Merred testified that the defendants were employees of the Hospital and that both were providing services for the Hospital at the time of the alleged negligence. He also testified that their medical services were an integral part of the Hospital's business of providing medical care to patients.

Cornu–Labat testified that at the time he signed the employment agreement, he was working in the United States on a work “Visa.” He testified that his immigration status required him to be employed by an entity that would “sponsor” him as a surgeon. He testified that based on the requirement that he be employed, he believed he was an employee of the Hospital when he signed the agreement with the Hospital. He testified that his immigration status also precluded him from having other business relationships outside of his sponsored employment and precluded him from having his own business.

Cornu–Labat testified that while there was no one supervising him while he was performing surgery, he had to get permission from the chief of the Hospital's medical staff before performing any procedure. He testified that there was at least one occasion when the chief of the Hospital's medical staff denied his request for a certain procedure.

Following trial, the trial court found that the employment agreements described an employer-employee relationship; that based on the terms of the agreements, the Hospital had the right to control the manner and means of the work and the details of the defendants' performance of duties; that the parties to the agreements intended to create an employer-employee relationship; that the Hospital exercised actual control over the means and methods of the work and details of the defendants' performance of duties; and that the defendants were acting within the scope of their employment when they treated Virginia. The trial court concluded that the defendants were employees of the Hospital and that therefore, the Jacobsons' claim against the defendants was barred for failure to comply with the Tort Claims Act as set forth at § 13–920(1).
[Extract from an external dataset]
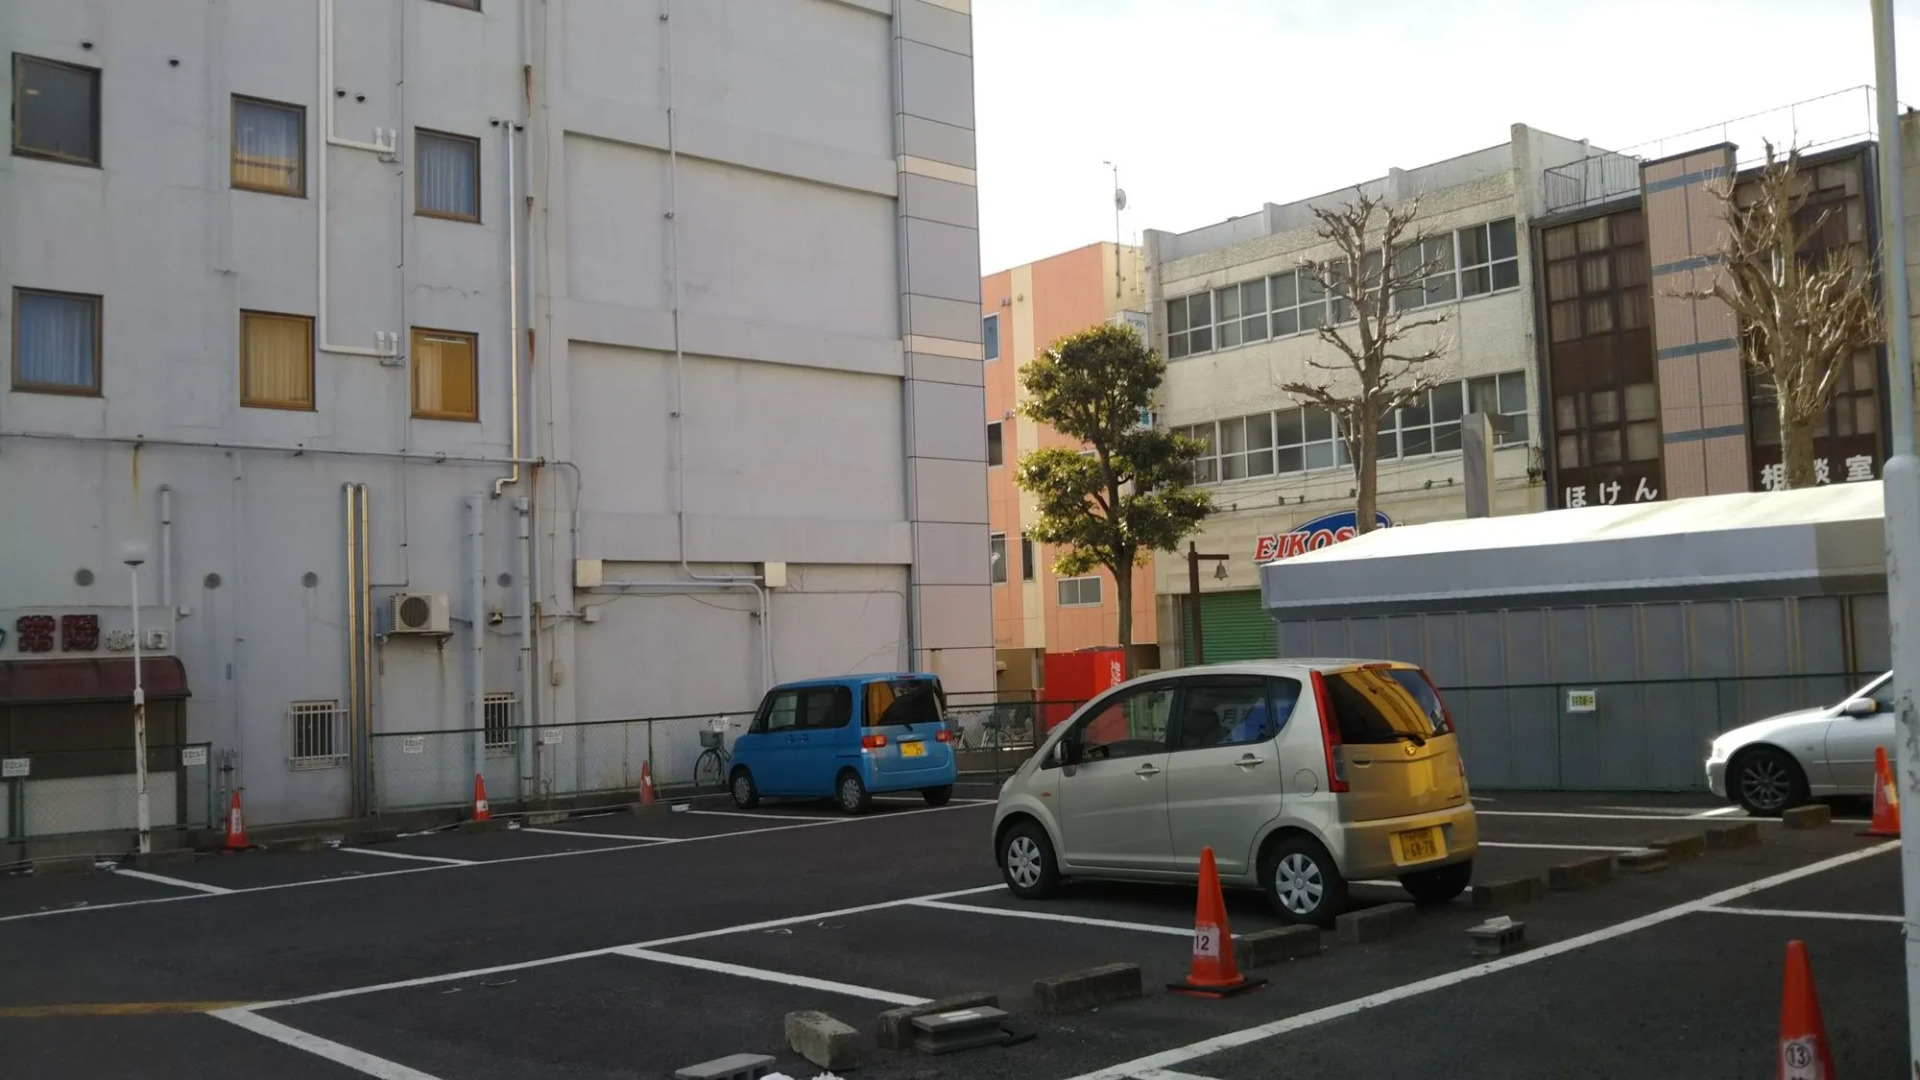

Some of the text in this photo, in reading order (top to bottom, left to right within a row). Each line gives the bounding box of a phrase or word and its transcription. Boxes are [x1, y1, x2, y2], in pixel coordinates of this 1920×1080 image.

The court entered judgment in favor of the defendants.

ASSIGNMENTS OF ERROR

The Jacobsons assign, restated, that the trial court erred in (1) granting the defendants' motion to bifurcate the issue of whether the defendants were employees of the Hospital, thereby denying the Jacobsons a jury trial on that issue; (2) finding that the employment agreements describe an employer-employee relationship; (3) finding that the employment agreements give the Hospital the right to control the manner and means of the defendants' work and the details of the performance of their duties; (4) finding that the parties believed they were creating an employer-employee relationship, i.e., an agency relationship, when they negotiated the agreements; (5) failing to consider and weigh 10 recognized factors used to determine the defendants' employment status; (6) finding that Shresta was acting within the scope of her employment when treating Virginia; and (7) failing to find that the defendants, by electing coverage under the NHMLA, are barred from asserting the 1–year notice provision of the Tort Claims Act based on the doctrines of waiver and equitable estoppel.

STANDARD OF REVIEW

In a bench trial of an action at law, the factual findings by the trial court have the effect of a jury verdict and will not be set aside unless they are clearly wrong. Strategic Staff Mgmt. v. Roseland, 260 Neb. 682, 619 N.W.2d 230 (2000). An appellate court reviews the sufficiency of the evidence to sustain a judgment by resolving every controverted fact in favor of the successful party and giving such party the benefit of every inference that can reasonably be deduced from the evidence. See Baldwin v. City of Omaha, 259 Neb. 1, 607 N.W.2d 841 (2000).

ANALYSIS

Motion to Bifurcate.

The Jacobsons first assign that the trial court erred in granting the defendants' motion to bifurcate the issue of whether the defendants were employees of the Hospital. The Jacobsons do not contest the bifurcation itself, but, rather, they argue that the court erred in granting the defendants' request that the employment issue be decided by the court, thereby denying the Jacobsons a jury trial on that issue.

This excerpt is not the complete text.